• _Assignment_:
All of the data should be copied exactly, with the pictures left out.

(Phrase grounding data)
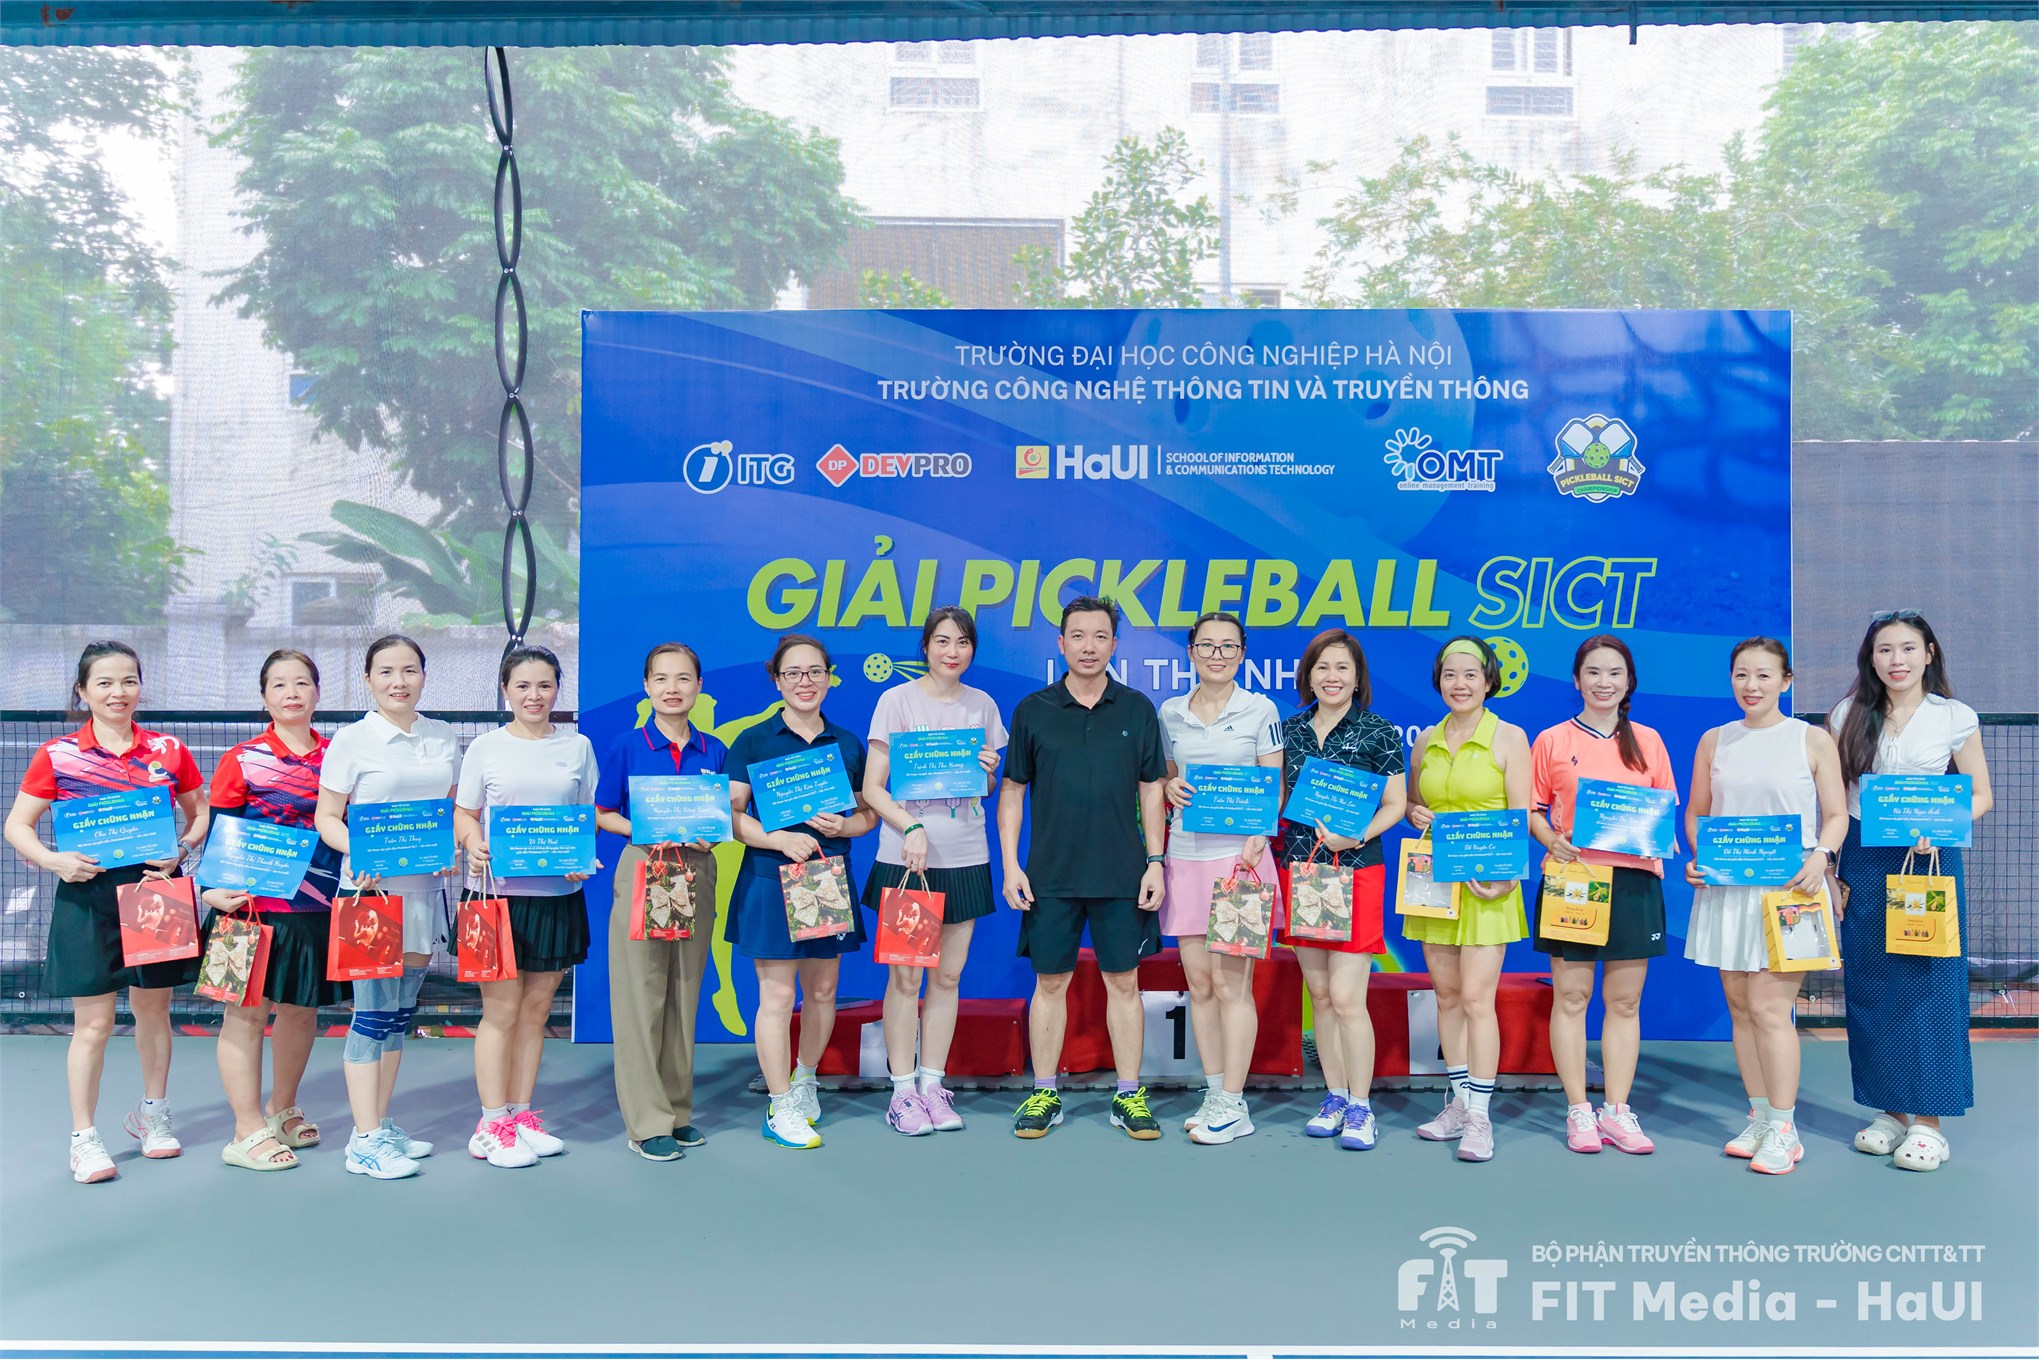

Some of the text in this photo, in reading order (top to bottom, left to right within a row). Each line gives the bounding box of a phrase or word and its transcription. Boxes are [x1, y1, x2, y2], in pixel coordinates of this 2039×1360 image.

[955, 340, 1452, 370] TRƯỜNG ĐẠI HỌC CÔNG NGHIỆP HÀ NỘI
[877, 372, 1529, 404] TRƯỜNG CÔNG NGHỆ THÔNG TIN VÀ TRUYỀN THÔNG
[738, 454, 795, 485] ITG
[828, 460, 848, 471] DP
[860, 452, 972, 478] DEVPRO
[1056, 444, 1148, 480] HaUI
[1166, 452, 1295, 463] SCHOOL OF INFORMATION
[1166, 464, 1335, 475] & COMMUNICATIONS TECHNOLOGY
[1416, 450, 1503, 482] OMT
[1399, 481, 1494, 491] online management training
[1560, 473, 1635, 488] PICKLEBALL SICT
[747, 535, 1657, 629] GIẢI PICKLEBALL SICT
[1165, 1005, 1186, 1060] 1
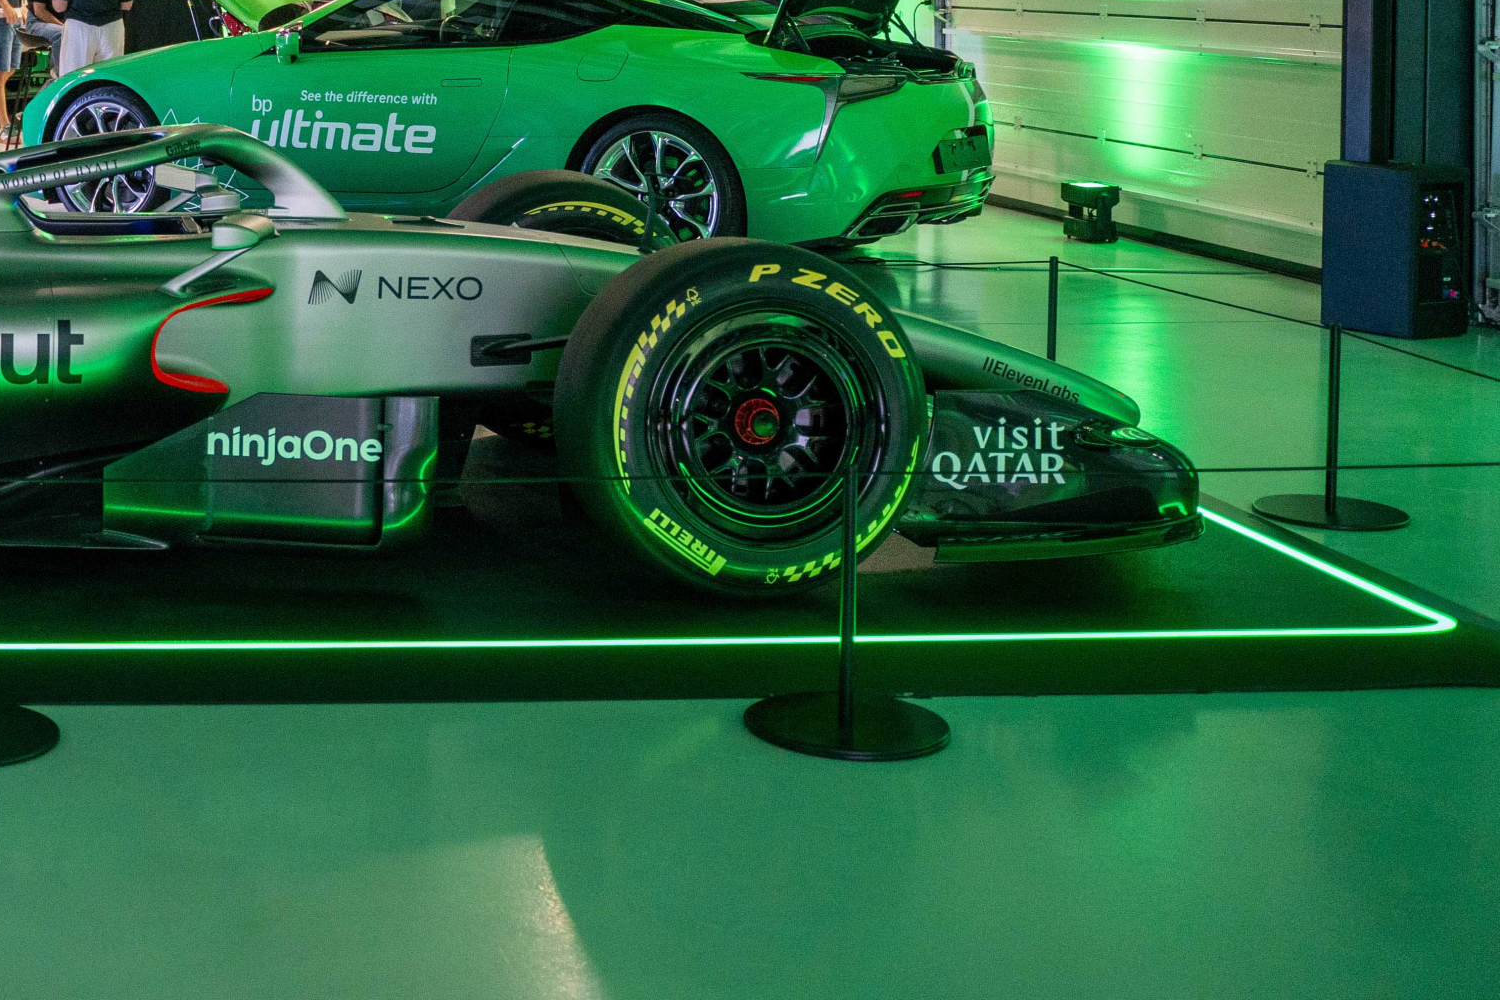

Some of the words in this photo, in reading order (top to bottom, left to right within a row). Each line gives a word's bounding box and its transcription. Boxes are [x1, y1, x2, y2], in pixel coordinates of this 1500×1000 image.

• _Answer for the task_:
Some of the text in this photo, in reading order (top to bottom, left to right within a row). Each line gives the bounding box of a phrase or word and its transcription. Boxes are [x1, y1, x2, y2], in pixel coordinates of this 2039×1360 image.

[955, 340, 1452, 370] TRƯỜNG ĐẠI HỌC CÔNG NGHIỆP HÀ NỘI
[877, 372, 1529, 404] TRƯỜNG CÔNG NGHỆ THÔNG TIN VÀ TRUYỀN THÔNG
[738, 454, 795, 485] ITG
[828, 460, 848, 471] DP
[860, 452, 972, 478] DEVPRO
[1056, 444, 1148, 480] HaUI
[1166, 452, 1295, 463] SCHOOL OF INFORMATION
[1166, 464, 1335, 475] & COMMUNICATIONS TECHNOLOGY
[1416, 450, 1503, 482] OMT
[1399, 481, 1494, 491] online management training
[1560, 473, 1635, 488] PICKLEBALL SICT
[747, 535, 1657, 629] GIẢI PICKLEBALL SICT
[1165, 1005, 1186, 1060] 1

Some of the words in this photo, in reading order (top to bottom, left to right within a row). Each line gives a word's bounding box and its transcription. Boxes are [x1, y1, x2, y2], in pixel coordinates of this 1500×1000 image.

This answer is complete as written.